Bug #11546

Expensive container lock/unlock

Added by Peter Amstutz 7 months ago. Updated 6 months ago.

Status:ResolvedStart date:05/17/2017
Priority:NormalDue date:
Assignee:Tom Clegg% Done:

100%

Category:-
Target version:2017-05-24 sprint
Story points-Remaining (hours)0.00 hour
Velocity based estimate-

Description

Currently the "lock" and "unlock" operations aquire a table lock. This causes ActiveRecord to reload the record. If loading the record is expensive (eg #11547) this means the lock can be held for a long time, which effectively paralyzes the containers table.

Change lock to do:

"update container set state=Locked where uuid=X and state=Queued"

and unlock:

"update container set state=Queued where uuid=X and state=Locked"

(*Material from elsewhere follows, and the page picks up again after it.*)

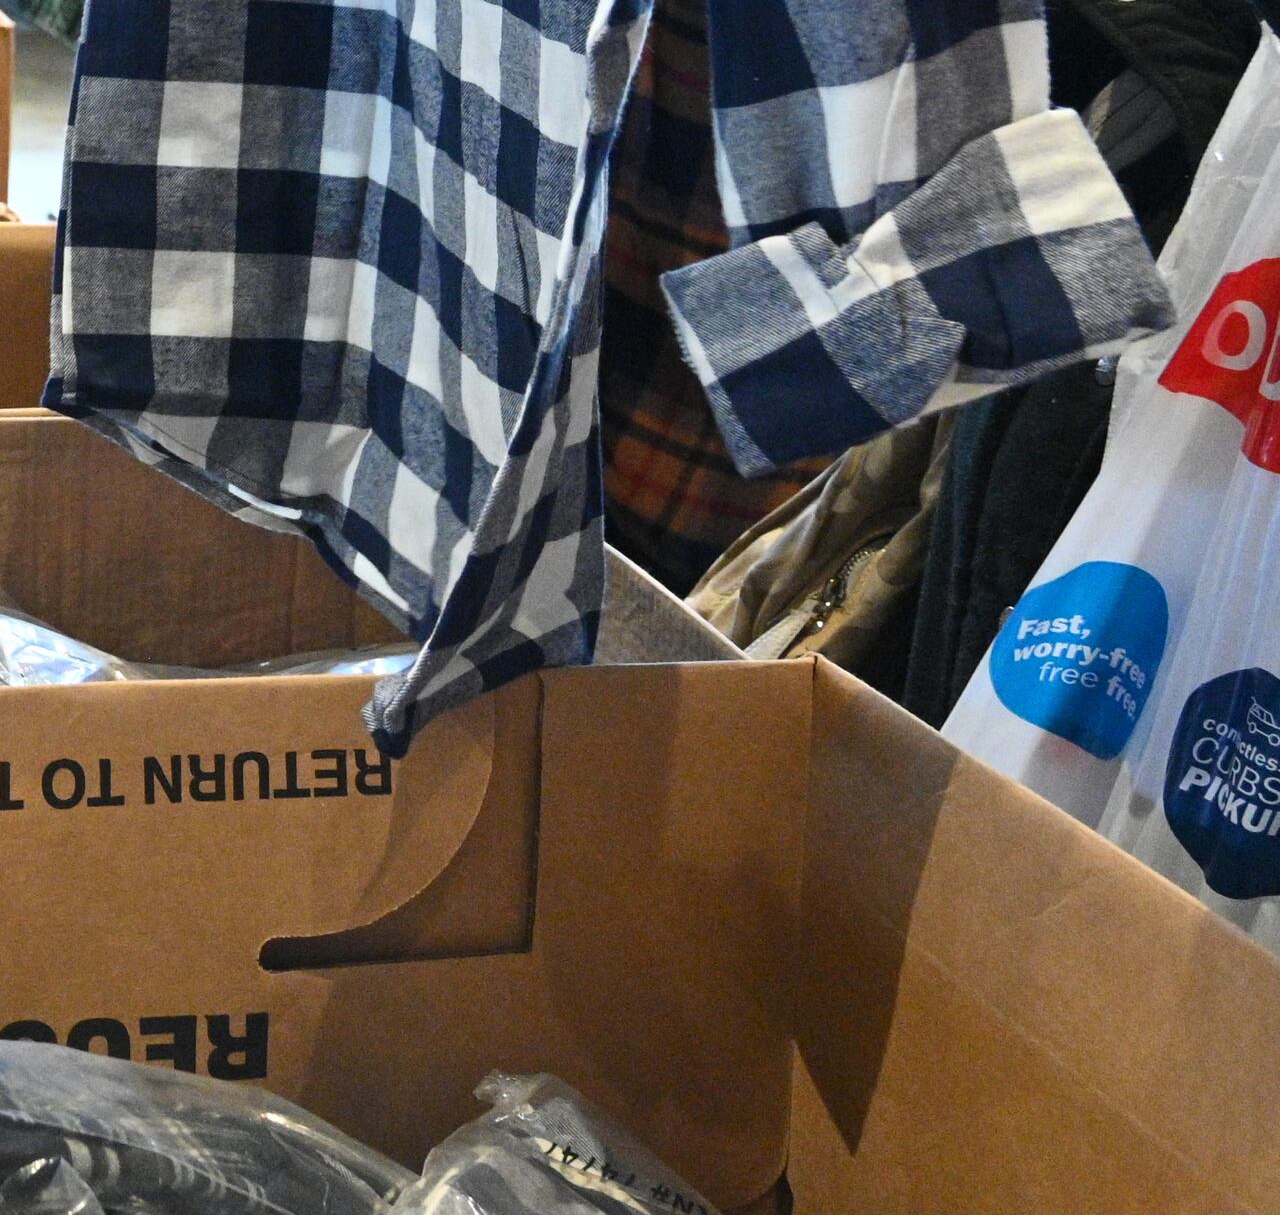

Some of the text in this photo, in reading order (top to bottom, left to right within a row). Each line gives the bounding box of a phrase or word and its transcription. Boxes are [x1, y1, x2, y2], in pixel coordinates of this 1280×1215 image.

and use the number of rows updated (1 or 0) to determine success.

#<ArvadosModel::InvalidStateTransitionError: ArvadosModel::InvalidStateTransitionError>
/var/www/arvados-api/current/app/models/container.rb:224:in `block in unlock'
/var/www/arvados-api/shared/vendor_bundle/ruby/2.3.0/gems/activerecord-3.2.22.5/lib/active_record/locking/pessimistic.rb:72:in `block in with_lock'
/var/www/arvados-api/shared/vendor_bundle/ruby/2.3.0/gems/activerecord-3.2.22.5/lib/active_record/connection_adapters/abstract/database_statements.rb:192:in `transaction'
/var/www/arvados-api/shared/vendor_bundle/ruby/2.3.0/gems/activerecord-3.2.22.5/lib/active_record/transactions.rb:208:in `transaction'
/var/www/arvados-api/shared/vendor_bundle/ruby/2.3.0/gems/activerecord-3.2.22.5/lib/active_record/transactions.rb:250:in `transaction'
/var/www/arvados-api/shared/vendor_bundle/ruby/2.3.0/gems/activerecord-3.2.22.5/lib/active_record/locking/pessimistic.rb:70:in `with_lock'
/var/www/arvados-api/current/app/models/container.rb:222:in `unlock'
/var/www/arvados-api/current/app/controllers/arvados/v1/containers_controller.rb:33:in `unlock'
...
Error 1493151643+9496f4a1: 422
{"method":"POST","path":"/arvados/v1/containers/qr1hi-dz642-wu9psm8wa0fnxnf/unlock","format":"html","controller":"arvados/v1/containers","action":"unlock","status":422,"duration":88029.34,"view":0.58,"db":1109.73,"params":{},"@timestamp":"2017-04-25T20:20:43.942319294Z","@version":"1","message":"[422] POST /arvados/v1/containers/qr1hi-dz642-wu9psm8wa0fnxnf/unlock (arvados/v1/containers#unlock)"}

Duration of this request is 88 seconds!


Subtasks

Task #11587: Review 11546-fast-lockResolvedTom Clegg


Related issues

Related to Arvados - Bug #11547: [API] Excessive memory and time consumed by API and dispa... New
Related to Arvados - Bug #11549: [CWL] Avoid mounting individual files Resolved 04/27/2017

Associated revisions

Revision b3f88934
Added by Tom Clegg 6 months ago

Merge branch '11546-fast-lock'

closes #11546

History

#1 Updated by Peter Amstutz 7 months ago

  • Description updated (diff)

#2 Updated by Peter Amstutz 7 months ago

The first unlock operation (this one doesn't fail):

{"method":"POST","path":"/arvados/v1/containers/qr1hi-dz642-itcctbtq2z1lb8t/unlock","format":"html","controller":"arvados/v1/containers","action":"unlock","status":200,"duration":146246.43,"view":0.46,"db":8538.25,"params":{},"@timestamp":"2017-04-25T18:34:49.242027342Z","@version":"1","message":"[200] POST /arvados/v1/containers/qr1hi-dz642-itcctbtq2z1lb8t/unlock (arvados/v1/containers#unlock)"}

#3 Updated by Peter Amstutz 7 months ago

  • Subject changed from Expensive unlock operation? to Expensive container lock/unlock

The lock operation also takes a really long time???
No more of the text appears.